▶ [What you are asked to do]: Exclude the pictures and transcribe the rest of the data below exactly.

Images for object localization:
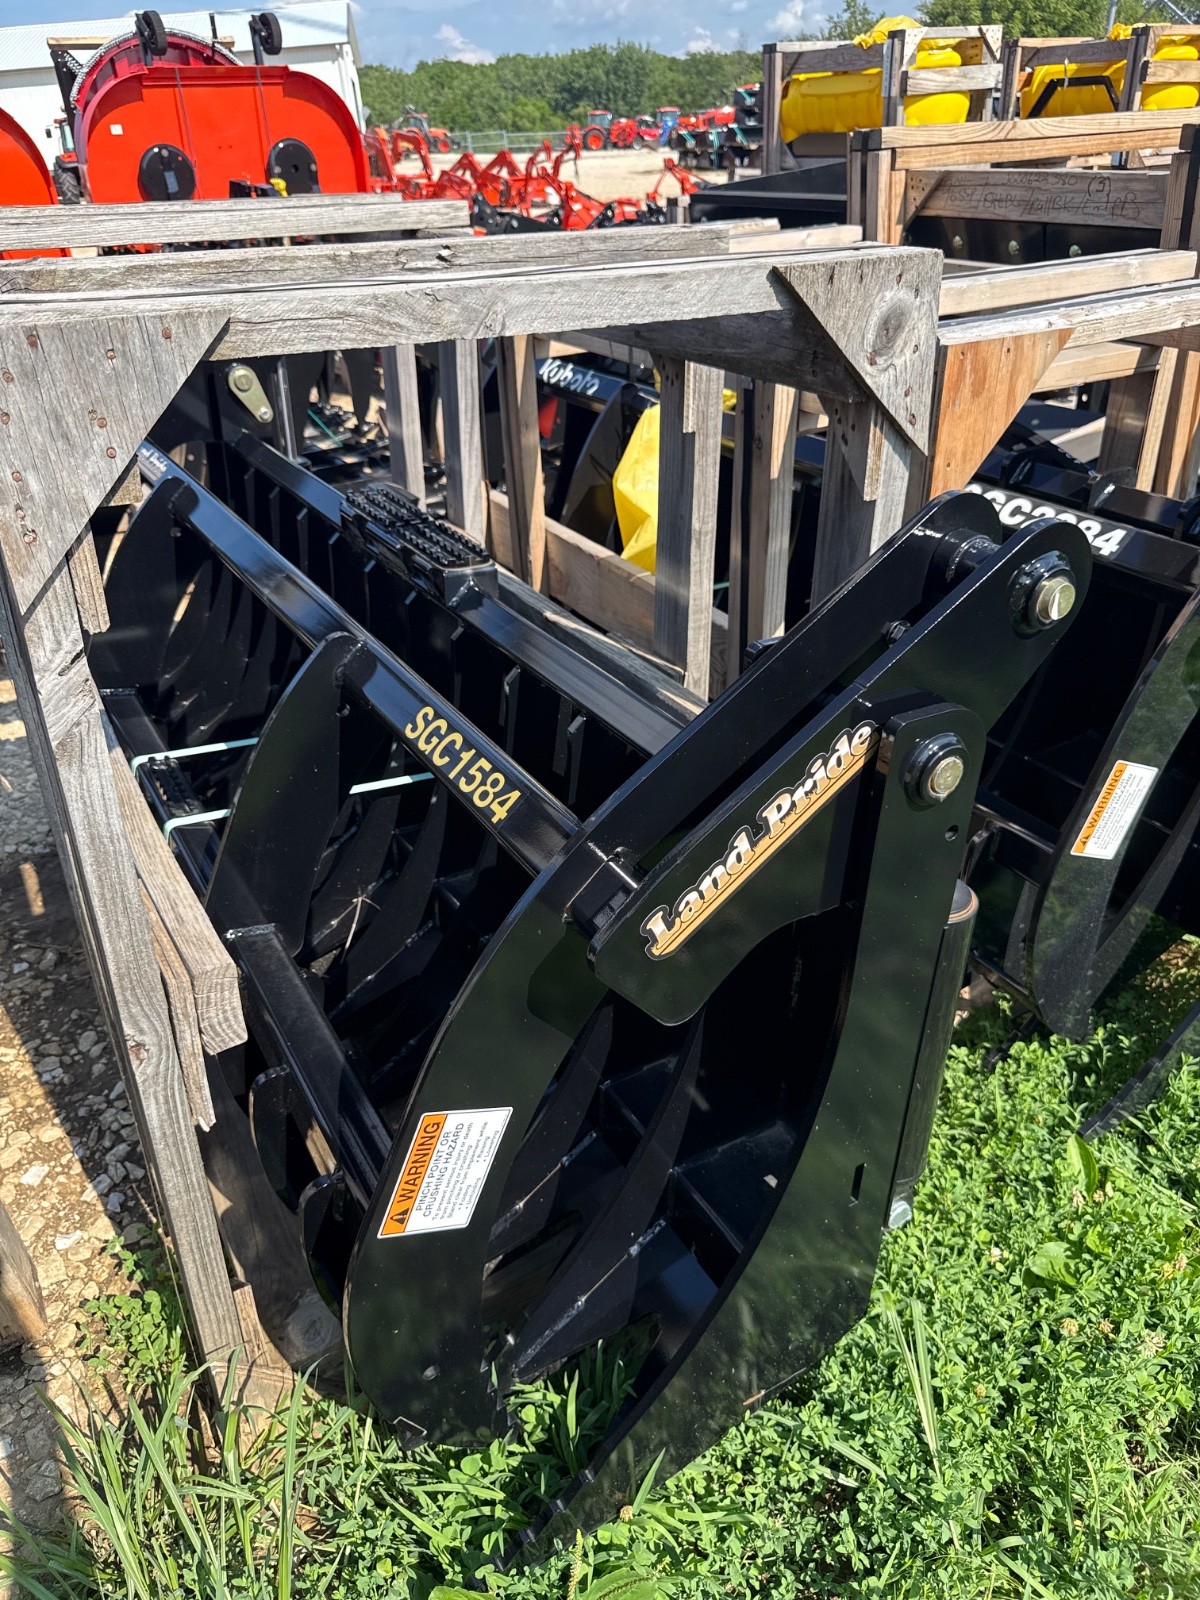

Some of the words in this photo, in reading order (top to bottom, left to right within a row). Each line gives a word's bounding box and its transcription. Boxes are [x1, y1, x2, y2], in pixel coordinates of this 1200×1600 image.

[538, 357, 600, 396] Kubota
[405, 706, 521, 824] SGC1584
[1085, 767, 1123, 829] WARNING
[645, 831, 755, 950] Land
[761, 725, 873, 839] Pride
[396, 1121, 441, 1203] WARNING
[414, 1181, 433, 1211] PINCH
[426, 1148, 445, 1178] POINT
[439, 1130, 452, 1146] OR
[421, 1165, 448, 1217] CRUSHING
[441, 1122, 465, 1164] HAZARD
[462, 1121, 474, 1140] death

▶ [Response area]:
Some of the words in this photo, in reading order (top to bottom, left to right within a row). Each line gives a word's bounding box and its transcription. Boxes are [x1, y1, x2, y2], in pixel coordinates of this 1200×1600 image.

[538, 357, 600, 396] Kubota
[405, 706, 521, 824] SGC1584
[1085, 767, 1123, 829] WARNING
[645, 831, 755, 950] Land
[761, 725, 873, 839] Pride
[396, 1121, 441, 1203] WARNING
[414, 1181, 433, 1211] PINCH
[426, 1148, 445, 1178] POINT
[439, 1130, 452, 1146] OR
[421, 1165, 448, 1217] CRUSHING
[441, 1122, 465, 1164] HAZARD
[462, 1121, 474, 1140] death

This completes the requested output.